How well do you know your microbiome? Microbiomes are composed of the trillions of microbes living in our bodies, most of which inhabit our digestive system. Microbes are microscopic organisms, including (but not limited to) bacteria, viruses and fungi. Some help with digestion; some can make us sick; others stimulate the immune system and help keep us healthy. Most are harmless.
Your microbiome changes throughout your life. As a baby, you pick up some microbes from your mom. You get others from the food you eat, the type of place you live in, even your pets. Each one is highly personalized. Recently, we have come to understand that our microbiome can have profound impact on the activity of our immune system. This observation has led Roswell Park clinical and basic researchers to begin studies manipulating the microbiome to further enhance immunotherapies for cancer. Further insight into the complex interaction between our microbiome, our health and fighting off cancer will lead us to new and novel approaches.

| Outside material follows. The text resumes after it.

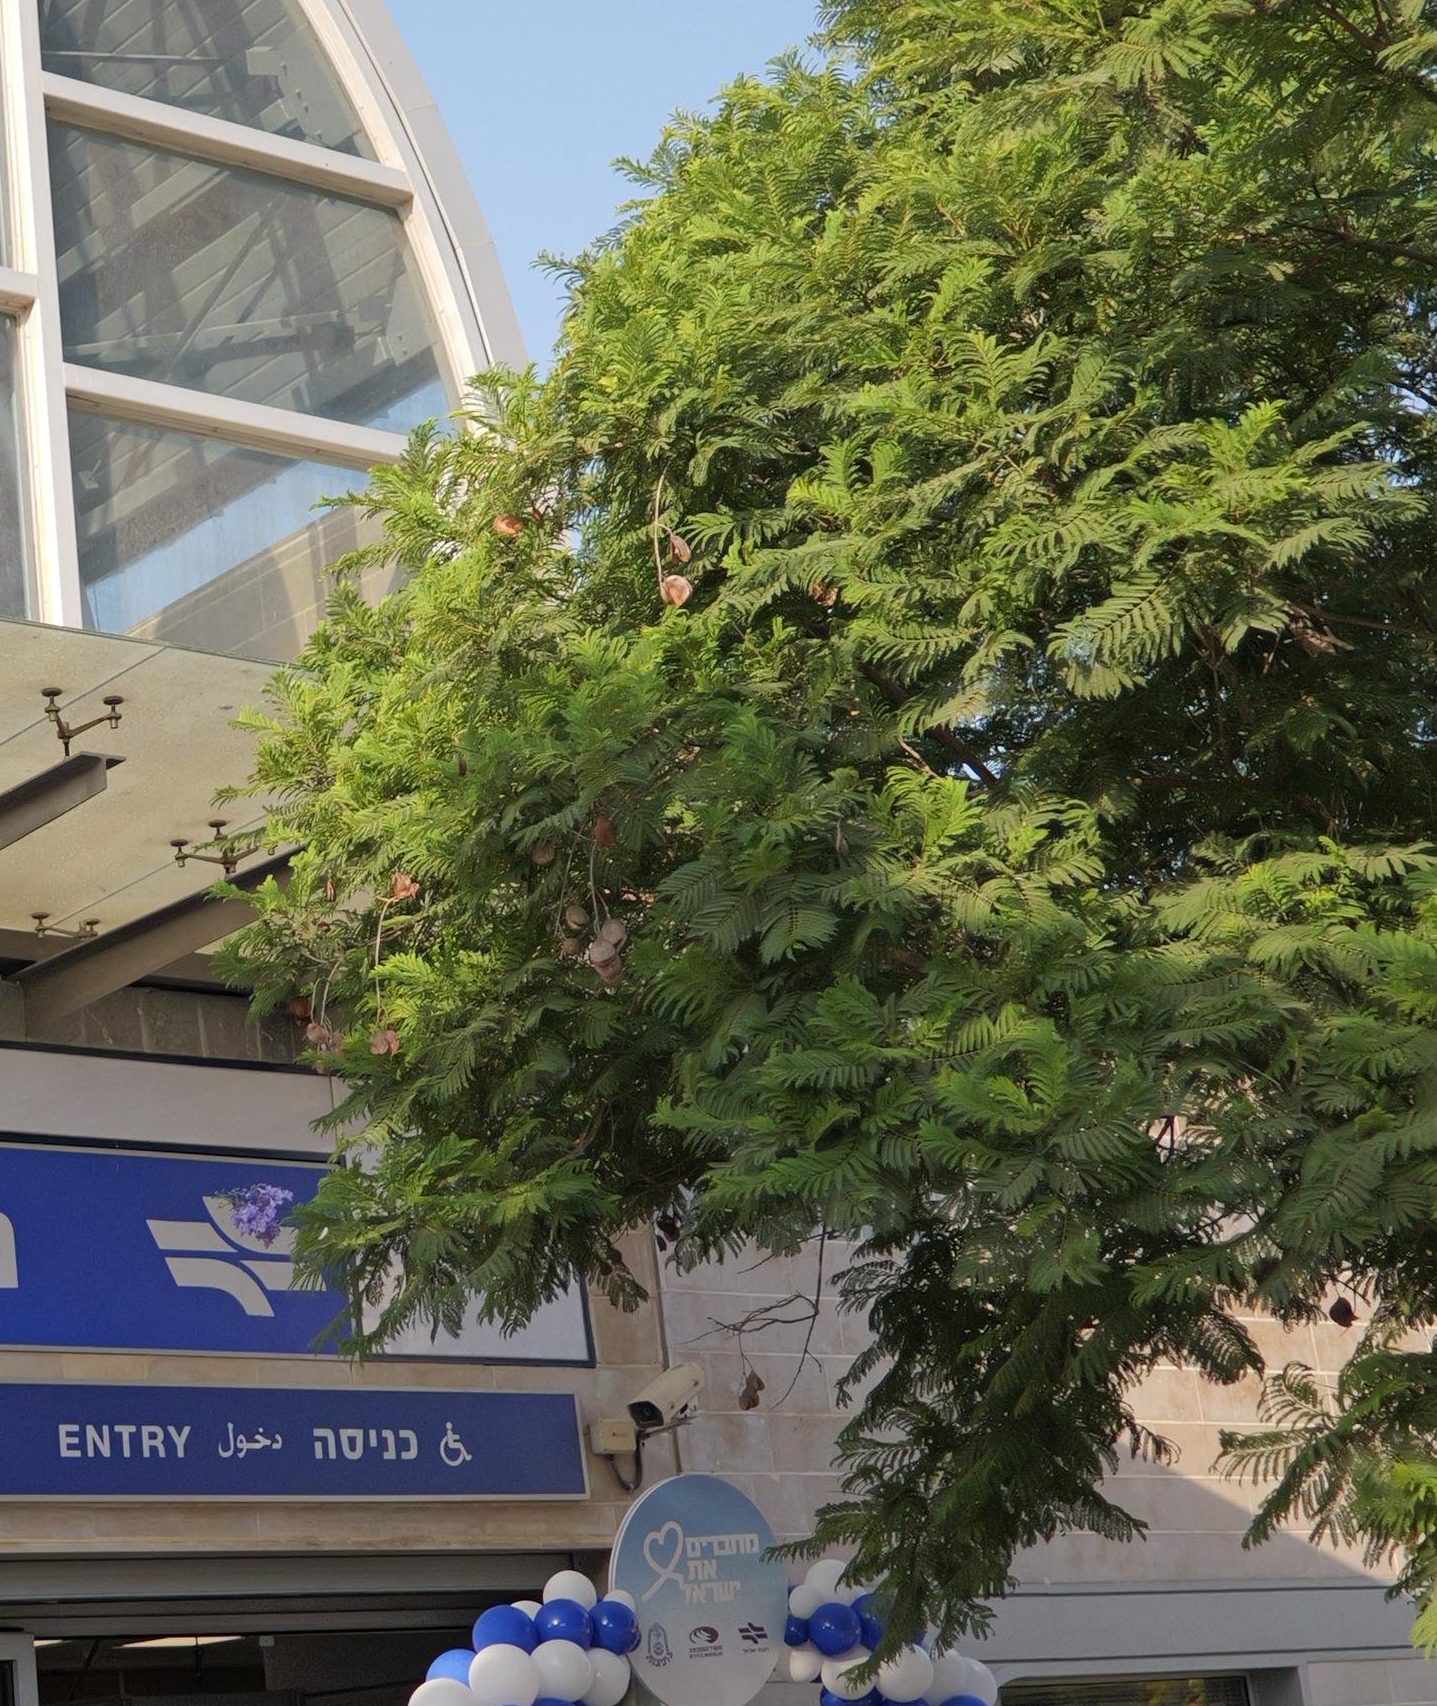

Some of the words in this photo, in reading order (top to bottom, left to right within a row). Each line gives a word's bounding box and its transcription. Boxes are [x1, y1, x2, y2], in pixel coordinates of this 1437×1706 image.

Roswell Park Comprehensive Cancer Center already has a number of ongoing projects in this area of research. To enhance and share our research in the field of microbiome science, the Alliance Foundation has partnered with Roswell Park scientists to unify our approach. The collection and analysis of microbiome data from the diverse research projects funded through the Alliance Foundation will be centralized and available for the Roswell Park community to enhance our understanding of the microbiome and how it interacts with other immune therapies, as well as to further explore how the microbiome can be manipulated to help patients.
This March, donations to the Roswell Park Alliance Foundation provided four pilot awards to explore different roles, influences and connections in this intriguing area. These studies are part of a larger microbiome initiative that is led by Brahm Segal, MD, Chair, Department of Internal Medicine; Susan McCann, PhD, RD, Department of Cancer Prevention and Control; and Emese Zsiros, MD, PhD, Department of Gynecologic Oncology.
Grace Dy, MD, Chief of Thoracic Oncology, is leading a team investigating the effect of a particular targeted cancer therapy on the gut microbiome function and flora of patients with a specific kind of advanced non-small-cell lung cancer. They will also seek to determine how acquired resistance to a specific cancer treatment may be related to the gut microbiome.
Khurshid Guru, MD, Chair, Department of Urology, and Li Tang, MD, PhD, Department of Cancer Prevention and Control, are leading a study exploring the role of the urinary microbiome in bladder cancer. The traditional concept that the urinary tract is sterile has changed over the past five years. We are investigating the changes that occur to the bacteria that are normally present in urine; whether they can promote the development of cancer or affect tumor response to different therapeutic agents; and how lifestyle changes can affect them.
Fumito Ito, MD, PhD, Department of Surgical Oncology and the Center for
Immunotherapy, is heading a study exploring biomarkers — substances that give doctors measurable signs about how well a treatment is working. The team will explore whether changes in a particular biomarker correlate with the gut microbiome composition in patients who respond to the immunotherapy called checkpoint inhibitors, which block proteins that stop the immune system from attacking cancer cells. This could help us better monitor how well treatment is working in a patient and could lead to innovative new approaches in cancer immunotherapy.
A team led by Dr. Zsiros will study how the composition of the gut microbiome affects response to immune checkpoint inhibitors in patients with epithelial ovarian cancer. The team will also study how manipulating the composition of the gut microbiome could improve the responses to immunotherapeutic agents in cancer patients.